Every company has a behind-the-scenes person who does important work with little recognition or fanfare.
For the Standard-Examiner, that guy is Business Manager Vaughn Jacobsen.
For a change, Vaughn finds himself in the spotlight after recently receiving the Jim Cornwell Award from the Utah Press Association.
The recognition is given annually to individuals who exemplify the dedication and expertise required for a successful news operation.
The namesake of the award was a longtime publisher of the Murray Eagle and played an integral part in the press association.
"Vaughn is very passionate about the role newspapers play in our state and in our local communities," the UPA committee said in presenting Vaughn with the award. "His breadth of knowledge of our industry, his company and community is unsurpassed."
For Vaughn, the ink literally runs through his veins, thanks to his genes. His father studied printing technology at BYU and was a pressman at the Provo Daily Herald before taking a job at the Standard-Examiner when Vaughn was just 9.
Naturally, Vaughn's first job was as a paper boy.
"I guess newspapering is in my blood, some kind of odd transfusion," he said.
Vaughn rose through the ranks at the Standard's circulation department. He left the Standard twice over the years, but returned each time. He became circulation director before moving to the front office to run the business side when the Standard expanded its commercial printing operation and moved into its new facility in Business Depot Ogden.
But Vaughn hasn't limited his activities to the newspaper industry. He has been active in the Davis Arts Council, Friends of Antelope Island, Friends of Utah State Parks, area chambers' legislative affairs committees and the Layton Rotary Club, to name a few volunteer organizations.
He was one of a small group who spearheaded the formation of the Antelope Island Balloon Stampede.
He also helped brainstorm the idea of visiting every state park in Utah in a 24-hour period as part of a promotional campaign.
He and Chris Dallin, McKay-Dee Hospital public relations director, were talking early one morning and the idea came up to do something "crazy" just for fun.
"Before long, we had the idea of visiting all the state parks and started inviting other members to join the craziness," he said. "Together we thought our adventure might be a tool to help Utah State Parks, as they were having a very tough year."
The event, covered by statewide media, was such a success the same group rode ATVs from one end of the state to the other last year.
"We have another adventure cooked up for this year," Vaughn said.
Each adventure is funded privately and designed to spotlight and promote some facet of the state.
Vaughn is known for juggling numerous tasks at the newspaper and being the eyes and ears in the community. He has provided the newsroom with numerous tips.

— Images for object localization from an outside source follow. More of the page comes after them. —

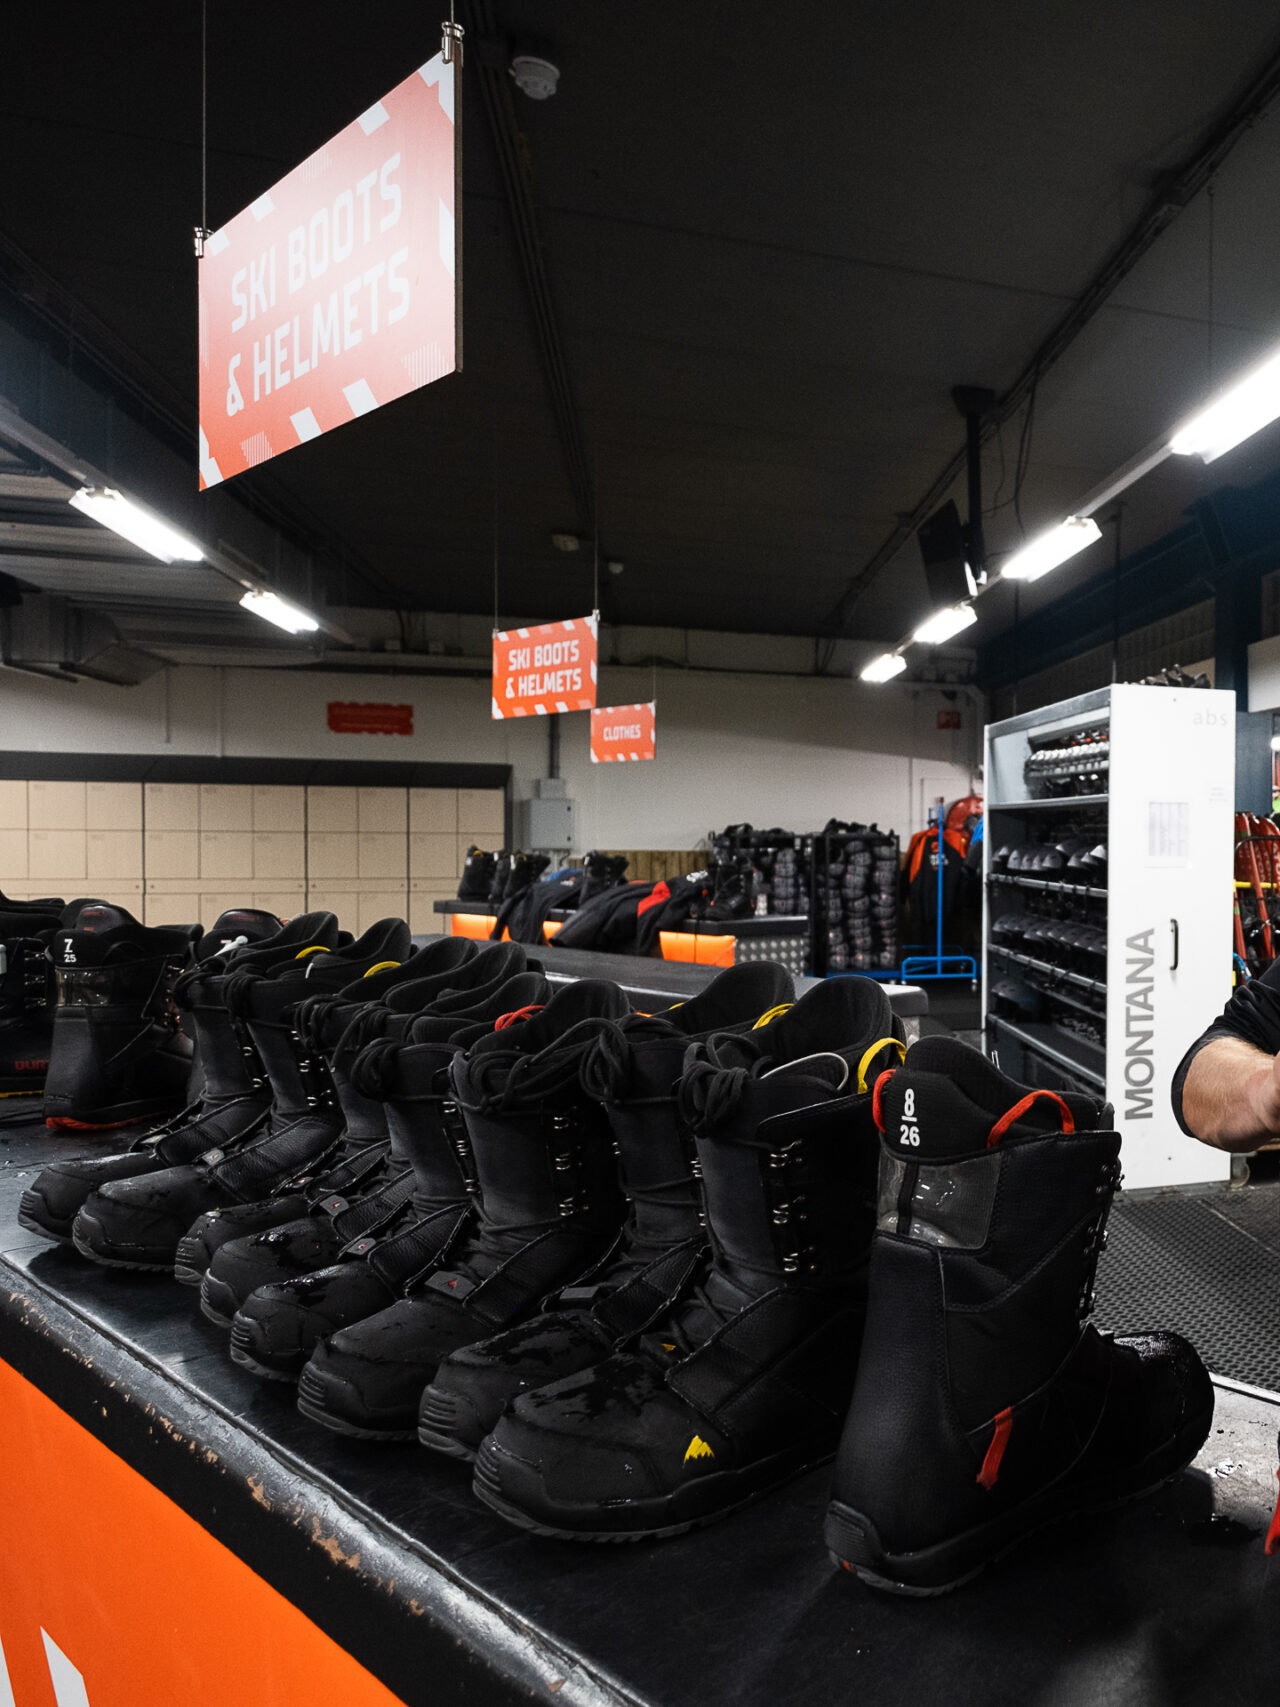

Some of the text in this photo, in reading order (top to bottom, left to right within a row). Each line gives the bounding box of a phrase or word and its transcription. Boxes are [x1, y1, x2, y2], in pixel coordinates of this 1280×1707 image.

[231, 152, 401, 333] SKI BOOTS
[226, 246, 410, 417] & HELMETS
[508, 640, 580, 671] SKI BOOTS
[505, 668, 582, 699] & HELMETS
[1193, 707, 1228, 727] abs
[603, 724, 641, 741] CLOTHES
[64, 938, 74, 952] 7
[64, 954, 77, 963] 25
[1124, 928, 1155, 1120] MONTANA
[904, 1088, 915, 1117] 8
[900, 1124, 920, 1147] 26
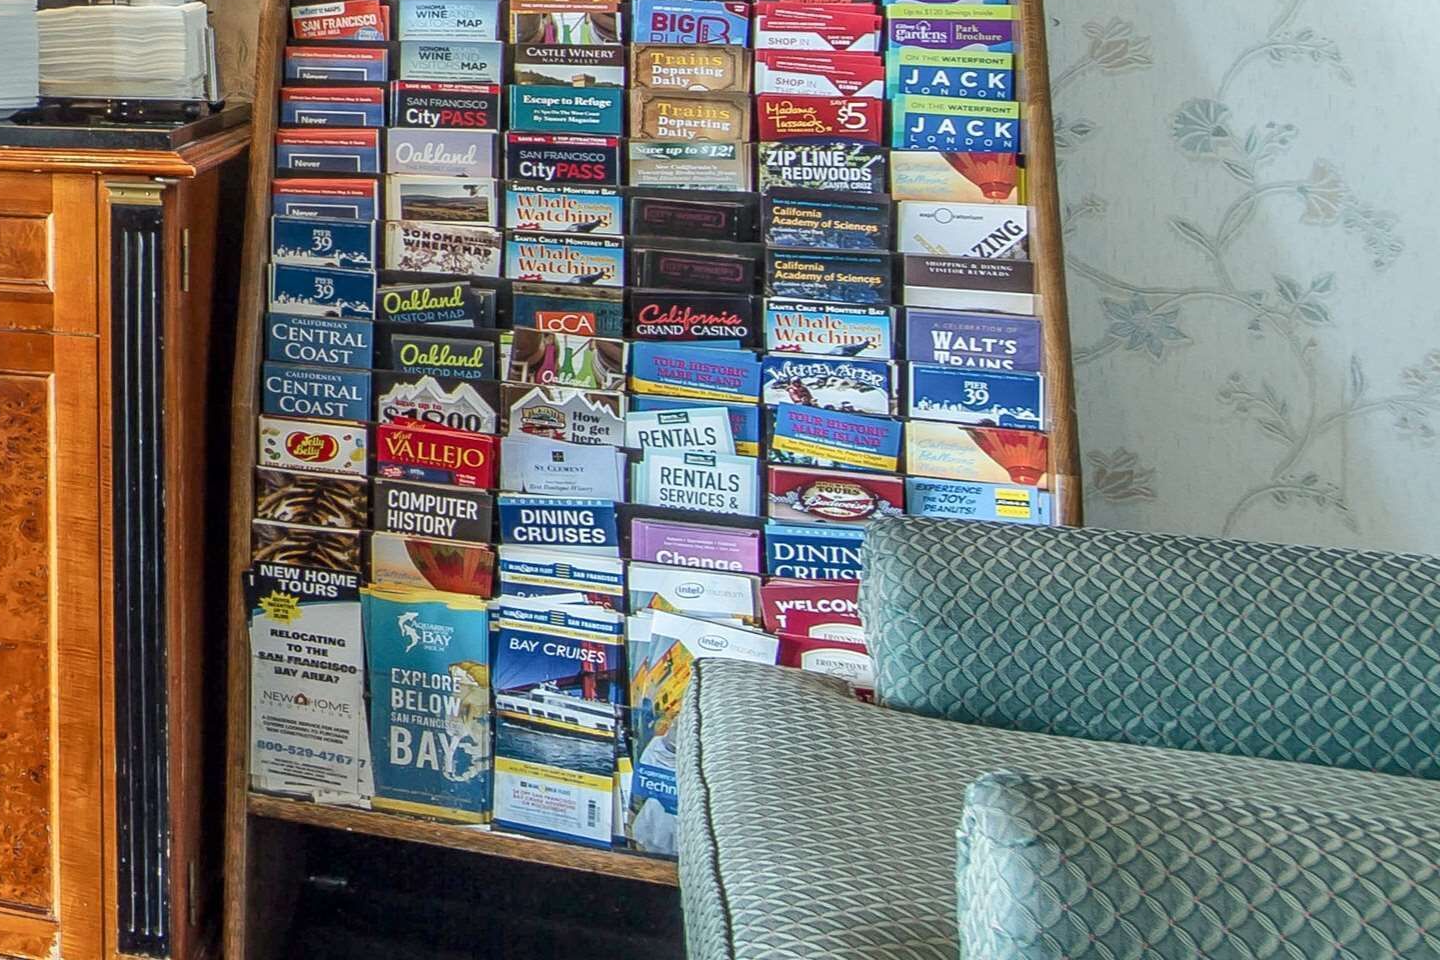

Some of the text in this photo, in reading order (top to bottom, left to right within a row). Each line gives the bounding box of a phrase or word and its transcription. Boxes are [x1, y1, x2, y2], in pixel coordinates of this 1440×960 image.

[416, 10, 448, 18] WINE
[652, 13, 695, 33] BIG
[526, 47, 615, 58] CASTLE WINERY
[651, 53, 723, 66] Trains
[652, 66, 723, 77] Departing
[905, 69, 1006, 88] JACK
[652, 76, 689, 87] Daily
[523, 95, 612, 108] Escape to Refuge
[766, 101, 816, 114] Madame
[406, 109, 487, 127] CityPASS
[658, 103, 730, 119] Trains
[837, 102, 867, 129] $5
[658, 116, 730, 131] Departing
[911, 117, 1012, 138] JACK
[396, 143, 478, 165] Oakland
[636, 146, 663, 154] Save
[700, 145, 734, 157] $12!
[766, 151, 845, 166] ZIP LINE
[520, 161, 606, 180] CityPASS
[782, 167, 872, 181] REDWOODS
[518, 195, 578, 210] Whale
[516, 209, 613, 227] Watching!
[772, 207, 822, 218] California
[772, 216, 819, 228] Academy
[834, 221, 878, 232] Sciences
[311, 236, 332, 251] 39
[403, 238, 492, 258] WINERY MAP
[313, 284, 335, 299] 39
[383, 287, 464, 313] Oakland
[292, 318, 348, 329] CALIFORNIA'S
[389, 310, 465, 323] VISITOR MAP
[640, 304, 742, 331] California
[272, 323, 368, 348] CENTRAL
[637, 324, 747, 336] GRAND CASINO
[931, 330, 1017, 354] WALT'S
[284, 343, 353, 364] COAST
[767, 361, 884, 386] WHITEWATER
[266, 377, 362, 400] CENTRAL
[279, 397, 348, 417] COAST
[572, 412, 600, 423] How
[572, 422, 609, 435] to get
[301, 436, 324, 448] Jelly
[639, 427, 716, 448] RENTALS
[293, 445, 320, 455] Belly
[385, 437, 484, 468] VALLEJO
[660, 467, 739, 492] RENTALS
[817, 486, 860, 495] TOURS
[916, 483, 982, 494] EXPERIENCE
[387, 489, 477, 521] COMPUTER
[660, 488, 738, 509] SERVICES &
[521, 509, 594, 526] DINING
[923, 504, 976, 514] PEANUTS!
[387, 510, 456, 537] HISTORY
[513, 526, 606, 543] CRUISES
[655, 551, 743, 571] Change
[260, 564, 358, 589] NEW HOME
[279, 578, 338, 599] TOURS
[270, 629, 346, 647] RELOCATING
[422, 631, 452, 646] BAY
[702, 638, 724, 648] intel
[286, 643, 329, 657] TO THE
[509, 638, 606, 664] BAY CRUISES
[274, 667, 340, 684] BAY AREA?
[392, 668, 461, 693] EXPLORE
[392, 688, 461, 716] BELOW
[389, 725, 460, 771] BAY

"The thing I most appreciate about Vaughn is his calm amid the storm," said executive secretary Anne Paul, who works closely with Vaughn. "No matter how much is on his plate and how crazy things get, he always exudes an aura of tranquility. Nothing ruffles him."
JUST FOOLING: There is no mysterious virus striking Utah residents as a precursor to a zombie apocalypse.
J.K. Rowling doesn't plan to write a new Harry Potter book featuring Harry's youngest son.
And there are no plans for an extended sequel series of "Twilight" books.
These were stories generated by our TX. (teen) writers for their April Fools' edition in Monday's paper.
However, some readers thought the stories were real, or at least wanted to make sure they weren't. We received a number of calls from worried readers, particularly related to the zombie virus story. McKay-Dee Hospital, which was mentioned in the faux story, also received some calls.
The articles were under the banner labeled "TX. Enquirer April Fools edition" and some of the readers I talked to admitted seeing that, but still wanted to make sure the stories weren't at least based on something factual.
TELLING OBIT: "I told you I was sick!" That was the header on an obituary this week for Robert Grant Young, who died March 24 at the age of 82.
I guess he wanted to have the last word.